[What is needed] Print the entries once more, unchanged.

─── Data section ───

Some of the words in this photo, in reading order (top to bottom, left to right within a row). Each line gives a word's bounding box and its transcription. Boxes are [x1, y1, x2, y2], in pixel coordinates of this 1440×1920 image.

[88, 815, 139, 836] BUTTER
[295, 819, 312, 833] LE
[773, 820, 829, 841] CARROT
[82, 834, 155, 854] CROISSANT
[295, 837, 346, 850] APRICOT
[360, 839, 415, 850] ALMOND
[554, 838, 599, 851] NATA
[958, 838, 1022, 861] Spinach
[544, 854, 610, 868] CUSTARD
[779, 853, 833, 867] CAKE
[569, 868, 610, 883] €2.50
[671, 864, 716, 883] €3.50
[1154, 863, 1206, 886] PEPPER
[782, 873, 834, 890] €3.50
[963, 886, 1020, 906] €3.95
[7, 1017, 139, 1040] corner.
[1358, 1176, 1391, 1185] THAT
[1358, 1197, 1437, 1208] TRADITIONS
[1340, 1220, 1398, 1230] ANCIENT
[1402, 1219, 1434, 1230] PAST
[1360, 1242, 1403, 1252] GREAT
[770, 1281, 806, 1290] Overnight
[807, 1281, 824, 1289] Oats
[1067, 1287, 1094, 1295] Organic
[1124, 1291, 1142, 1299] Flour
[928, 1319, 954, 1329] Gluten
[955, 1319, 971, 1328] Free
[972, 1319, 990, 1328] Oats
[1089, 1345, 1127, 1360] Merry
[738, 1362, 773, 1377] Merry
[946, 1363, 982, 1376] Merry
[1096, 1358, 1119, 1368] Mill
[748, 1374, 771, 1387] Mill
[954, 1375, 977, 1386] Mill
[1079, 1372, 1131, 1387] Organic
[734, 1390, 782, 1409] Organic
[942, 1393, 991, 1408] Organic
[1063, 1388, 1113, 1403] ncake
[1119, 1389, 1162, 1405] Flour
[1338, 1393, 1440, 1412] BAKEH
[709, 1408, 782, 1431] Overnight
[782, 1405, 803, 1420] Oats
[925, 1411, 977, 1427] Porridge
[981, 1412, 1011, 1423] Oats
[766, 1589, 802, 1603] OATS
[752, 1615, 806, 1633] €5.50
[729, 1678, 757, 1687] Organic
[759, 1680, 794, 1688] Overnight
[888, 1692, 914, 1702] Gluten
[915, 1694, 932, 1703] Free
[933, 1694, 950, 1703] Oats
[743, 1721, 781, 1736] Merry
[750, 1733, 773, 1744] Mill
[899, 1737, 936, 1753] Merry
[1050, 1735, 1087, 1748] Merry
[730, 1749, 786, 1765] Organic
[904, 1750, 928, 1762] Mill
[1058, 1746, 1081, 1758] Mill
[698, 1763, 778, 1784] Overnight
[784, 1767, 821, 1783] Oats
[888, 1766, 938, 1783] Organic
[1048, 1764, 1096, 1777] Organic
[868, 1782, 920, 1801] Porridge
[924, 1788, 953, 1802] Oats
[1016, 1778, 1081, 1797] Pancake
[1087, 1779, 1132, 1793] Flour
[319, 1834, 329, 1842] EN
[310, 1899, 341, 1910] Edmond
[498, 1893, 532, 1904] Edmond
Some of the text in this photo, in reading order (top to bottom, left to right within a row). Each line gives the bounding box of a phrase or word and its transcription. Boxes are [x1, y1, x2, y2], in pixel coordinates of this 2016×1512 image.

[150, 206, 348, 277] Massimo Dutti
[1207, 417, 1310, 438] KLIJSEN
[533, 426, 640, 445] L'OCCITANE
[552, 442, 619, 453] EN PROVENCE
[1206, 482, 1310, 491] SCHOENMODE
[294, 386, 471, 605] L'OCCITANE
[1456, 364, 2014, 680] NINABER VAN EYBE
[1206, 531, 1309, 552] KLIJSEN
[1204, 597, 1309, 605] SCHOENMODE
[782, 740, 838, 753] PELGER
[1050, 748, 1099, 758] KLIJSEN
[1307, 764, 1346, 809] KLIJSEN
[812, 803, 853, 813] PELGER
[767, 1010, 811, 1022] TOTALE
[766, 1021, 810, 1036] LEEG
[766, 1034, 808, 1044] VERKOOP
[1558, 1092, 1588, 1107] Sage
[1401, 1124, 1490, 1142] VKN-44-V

───

[Output of the exercise]
Some of the words in this photo, in reading order (top to bottom, left to right within a row). Each line gives a word's bounding box and its transcription. Boxes are [x1, y1, x2, y2], in pixel coordinates of this 1440×1920 image.

[88, 815, 139, 836] BUTTER
[295, 819, 312, 833] LE
[773, 820, 829, 841] CARROT
[82, 834, 155, 854] CROISSANT
[295, 837, 346, 850] APRICOT
[360, 839, 415, 850] ALMOND
[554, 838, 599, 851] NATA
[958, 838, 1022, 861] Spinach
[544, 854, 610, 868] CUSTARD
[779, 853, 833, 867] CAKE
[569, 868, 610, 883] €2.50
[671, 864, 716, 883] €3.50
[1154, 863, 1206, 886] PEPPER
[782, 873, 834, 890] €3.50
[963, 886, 1020, 906] €3.95
[7, 1017, 139, 1040] corner.
[1358, 1176, 1391, 1185] THAT
[1358, 1197, 1437, 1208] TRADITIONS
[1340, 1220, 1398, 1230] ANCIENT
[1402, 1219, 1434, 1230] PAST
[1360, 1242, 1403, 1252] GREAT
[770, 1281, 806, 1290] Overnight
[807, 1281, 824, 1289] Oats
[1067, 1287, 1094, 1295] Organic
[1124, 1291, 1142, 1299] Flour
[928, 1319, 954, 1329] Gluten
[955, 1319, 971, 1328] Free
[972, 1319, 990, 1328] Oats
[1089, 1345, 1127, 1360] Merry
[738, 1362, 773, 1377] Merry
[946, 1363, 982, 1376] Merry
[1096, 1358, 1119, 1368] Mill
[748, 1374, 771, 1387] Mill
[954, 1375, 977, 1386] Mill
[1079, 1372, 1131, 1387] Organic
[734, 1390, 782, 1409] Organic
[942, 1393, 991, 1408] Organic
[1063, 1388, 1113, 1403] ncake
[1119, 1389, 1162, 1405] Flour
[1338, 1393, 1440, 1412] BAKEH
[709, 1408, 782, 1431] Overnight
[782, 1405, 803, 1420] Oats
[925, 1411, 977, 1427] Porridge
[981, 1412, 1011, 1423] Oats
[766, 1589, 802, 1603] OATS
[752, 1615, 806, 1633] €5.50
[729, 1678, 757, 1687] Organic
[759, 1680, 794, 1688] Overnight
[888, 1692, 914, 1702] Gluten
[915, 1694, 932, 1703] Free
[933, 1694, 950, 1703] Oats
[743, 1721, 781, 1736] Merry
[750, 1733, 773, 1744] Mill
[899, 1737, 936, 1753] Merry
[1050, 1735, 1087, 1748] Merry
[730, 1749, 786, 1765] Organic
[904, 1750, 928, 1762] Mill
[1058, 1746, 1081, 1758] Mill
[698, 1763, 778, 1784] Overnight
[784, 1767, 821, 1783] Oats
[888, 1766, 938, 1783] Organic
[1048, 1764, 1096, 1777] Organic
[868, 1782, 920, 1801] Porridge
[924, 1788, 953, 1802] Oats
[1016, 1778, 1081, 1797] Pancake
[1087, 1779, 1132, 1793] Flour
[319, 1834, 329, 1842] EN
[310, 1899, 341, 1910] Edmond
[498, 1893, 532, 1904] Edmond
Some of the text in this photo, in reading order (top to bottom, left to right within a row). Each line gives the bounding box of a phrase or word and its transcription. Boxes are [x1, y1, x2, y2], in pixel coordinates of this 2016×1512 image.

[150, 206, 348, 277] Massimo Dutti
[1207, 417, 1310, 438] KLIJSEN
[533, 426, 640, 445] L'OCCITANE
[552, 442, 619, 453] EN PROVENCE
[1206, 482, 1310, 491] SCHOENMODE
[294, 386, 471, 605] L'OCCITANE
[1456, 364, 2014, 680] NINABER VAN EYBE
[1206, 531, 1309, 552] KLIJSEN
[1204, 597, 1309, 605] SCHOENMODE
[782, 740, 838, 753] PELGER
[1050, 748, 1099, 758] KLIJSEN
[1307, 764, 1346, 809] KLIJSEN
[812, 803, 853, 813] PELGER
[767, 1010, 811, 1022] TOTALE
[766, 1021, 810, 1036] LEEG
[766, 1034, 808, 1044] VERKOOP
[1558, 1092, 1588, 1107] Sage
[1401, 1124, 1490, 1142] VKN-44-V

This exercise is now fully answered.